Но функция формирует орган — и к языку это тоже относится. Когда язык учености и высшей школы один-единственный и при этом чужой, уменьшается — за ненадобностью — богатство своего, и он предсказуемо деградирует до состояния наречия; попытки же ученых бесед ведутся на дивной смеси английского с нижегородским. Общее же понижение статуса национального языка тем более стимулирует к ведению ученых бесед на чужой латыни, что дополнительно ускоряет варваризацию.
Которая и вообще в любом случае есть зло, в нашем же случае зло сугубое, поскольку в силу известных неблагоприятных исторических обстоятельств в русском языке был прерван процесс осмысления общественных реалий и выработки адекватного языка для их описания. «Кейсы», «компетенции», «дорожные карты», «мягкие силы» и тому подобный словесный сор вызывает раздражение не только своей уродливостью — хотя и ею тоже. Они нарочито подчеркивают нашу безъязыкость и зияние пустоты на месте совершенного российского слова.
Собственно, хватило бы и этого, чтобы усомниться в безусловной благостности языковой унификации, но ведь и почтенная аналогия с серебряной латынью Средневековья, вместо которой ныне выступает английский, не совсем точна. Латынь — мертвый язык, которым она была еще при зарождении европейской науки и не стала живее в вестфальскую эпоху. Но это значит, что ни один субъект политики не приобретал того важного преимущества, которое заключалось в том, что его природный язык был в то же время и общеобязательным, универсальным.

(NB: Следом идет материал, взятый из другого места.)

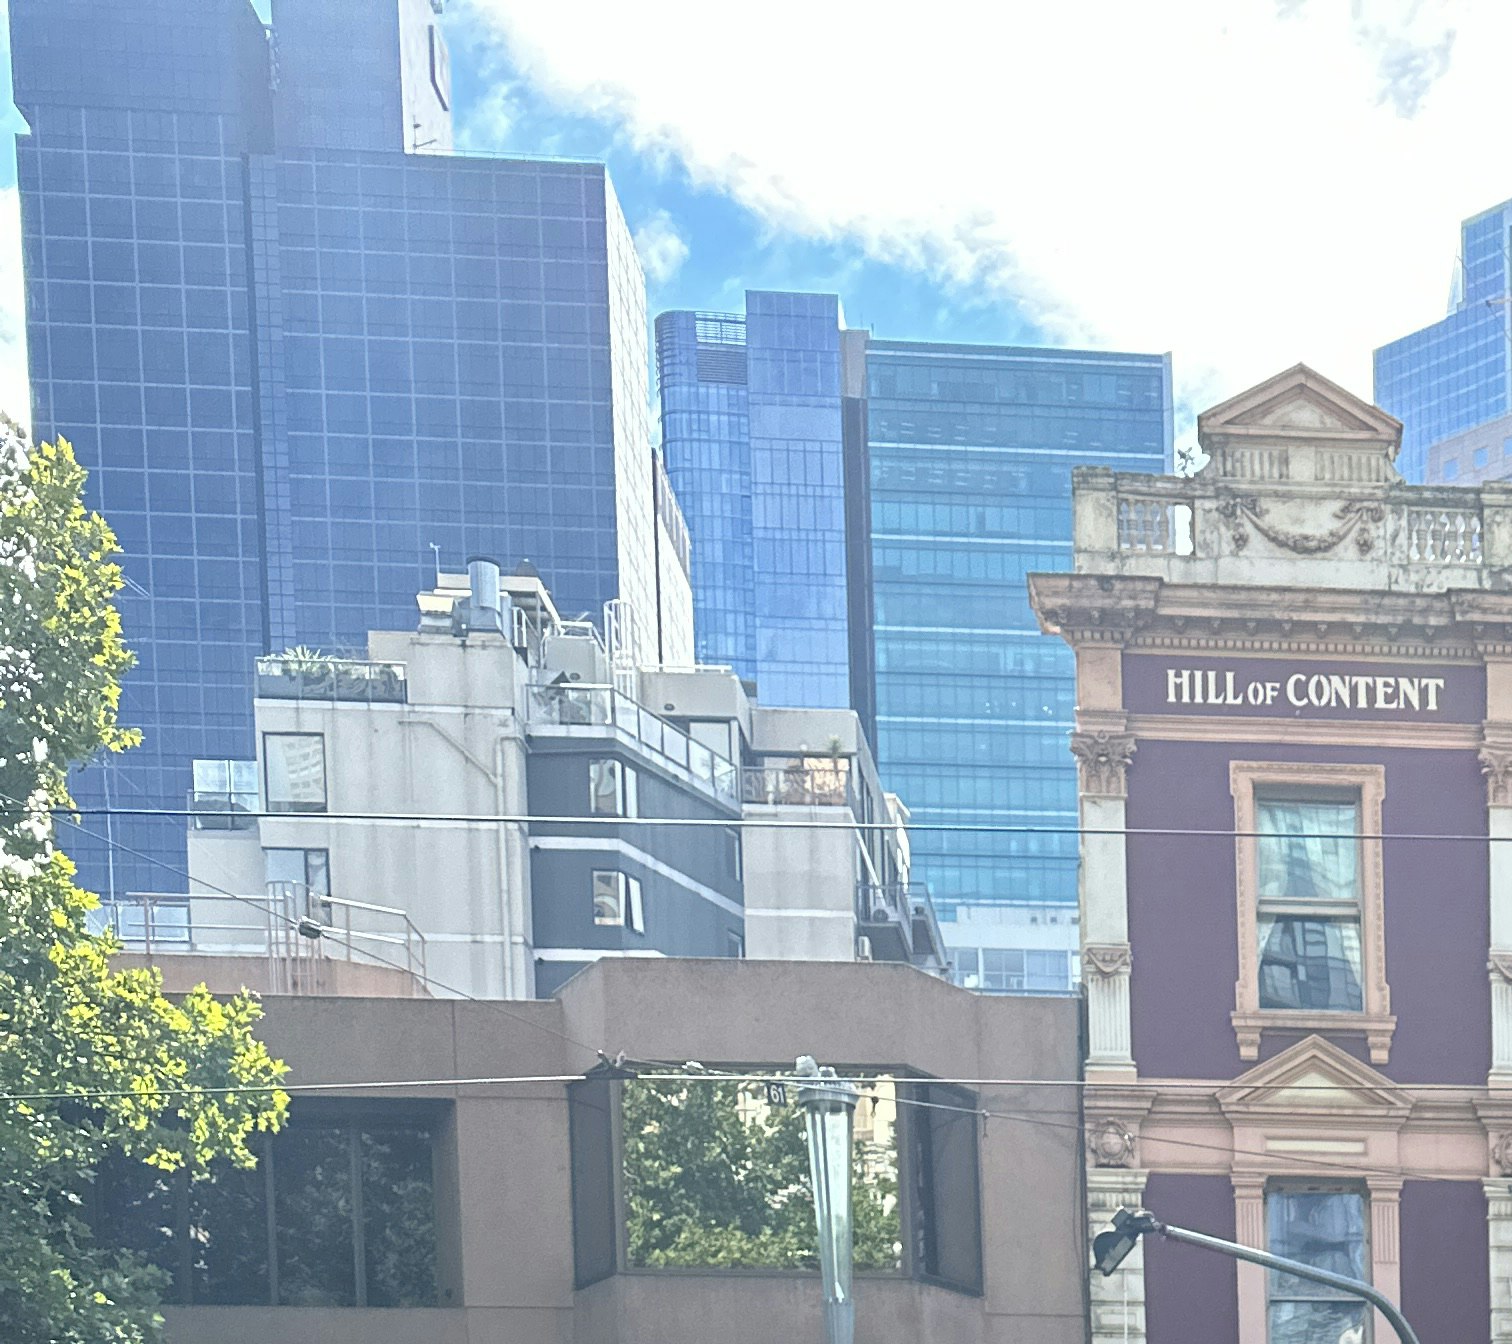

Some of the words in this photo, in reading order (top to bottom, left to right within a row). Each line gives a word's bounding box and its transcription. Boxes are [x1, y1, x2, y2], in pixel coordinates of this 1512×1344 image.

[1167, 669, 1243, 704] HILL
[1247, 682, 1280, 705] OF
[1286, 673, 1444, 711] CONTENT
[770, 1084, 785, 1104] 61
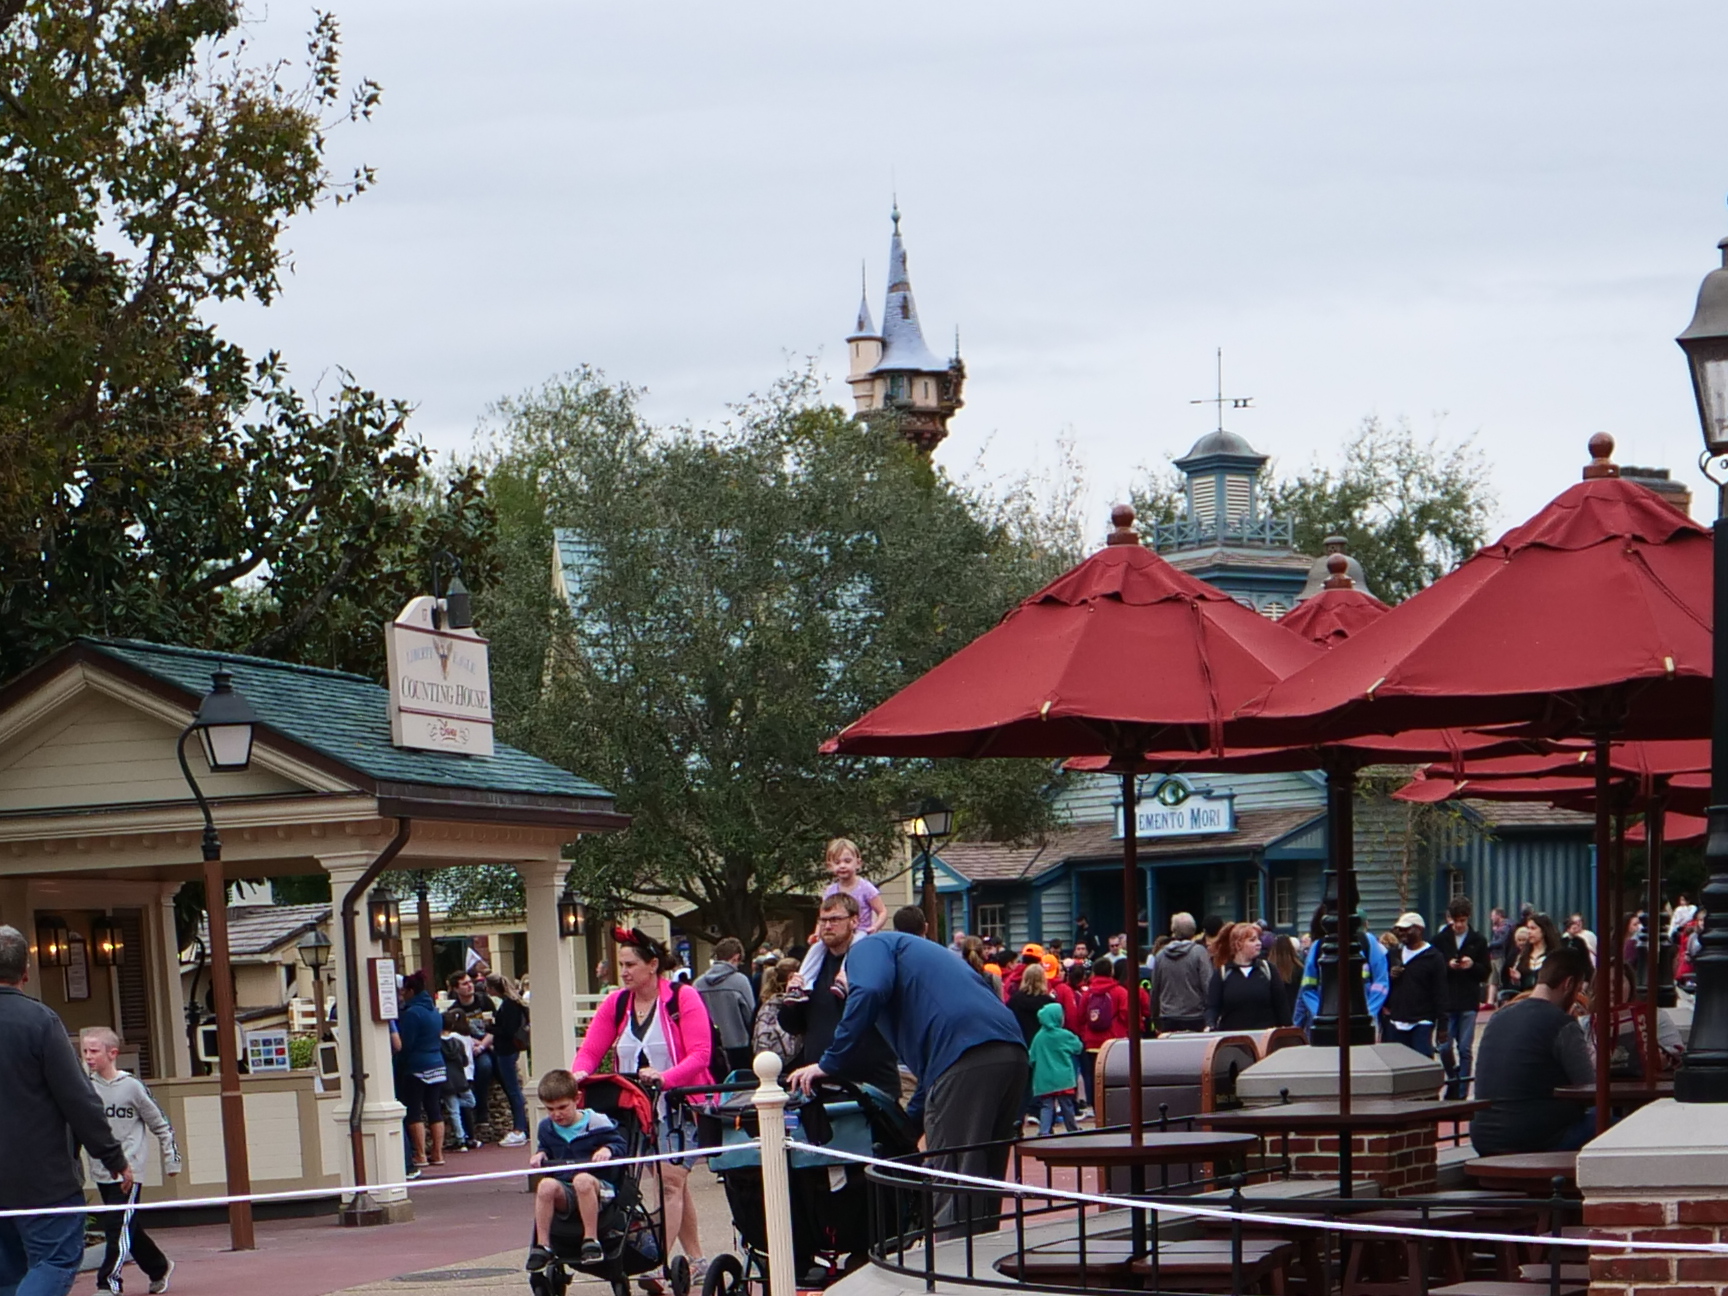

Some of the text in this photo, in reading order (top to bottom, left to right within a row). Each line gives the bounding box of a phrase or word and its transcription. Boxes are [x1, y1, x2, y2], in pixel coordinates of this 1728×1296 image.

Тем более мощный политический субъект, власть которого и без дополнительного языкового преимущества, позволяющего производить смысловой диктат, близка к безраздельной, а с этим преимуществом она еще более умножается.
Довольно много сказано о долларе и значении всемирного сеньоража, что же говорить о такой картине, когда сеньораж денежный укрепляется сеньоражем языковым и смысловым. Тут поэтическое «И мы сохраним тебя, русская (французская, немецкая, итальянская etc.) речь, великое русское (французское etc.) слово» приобретает сугубо практический смысл.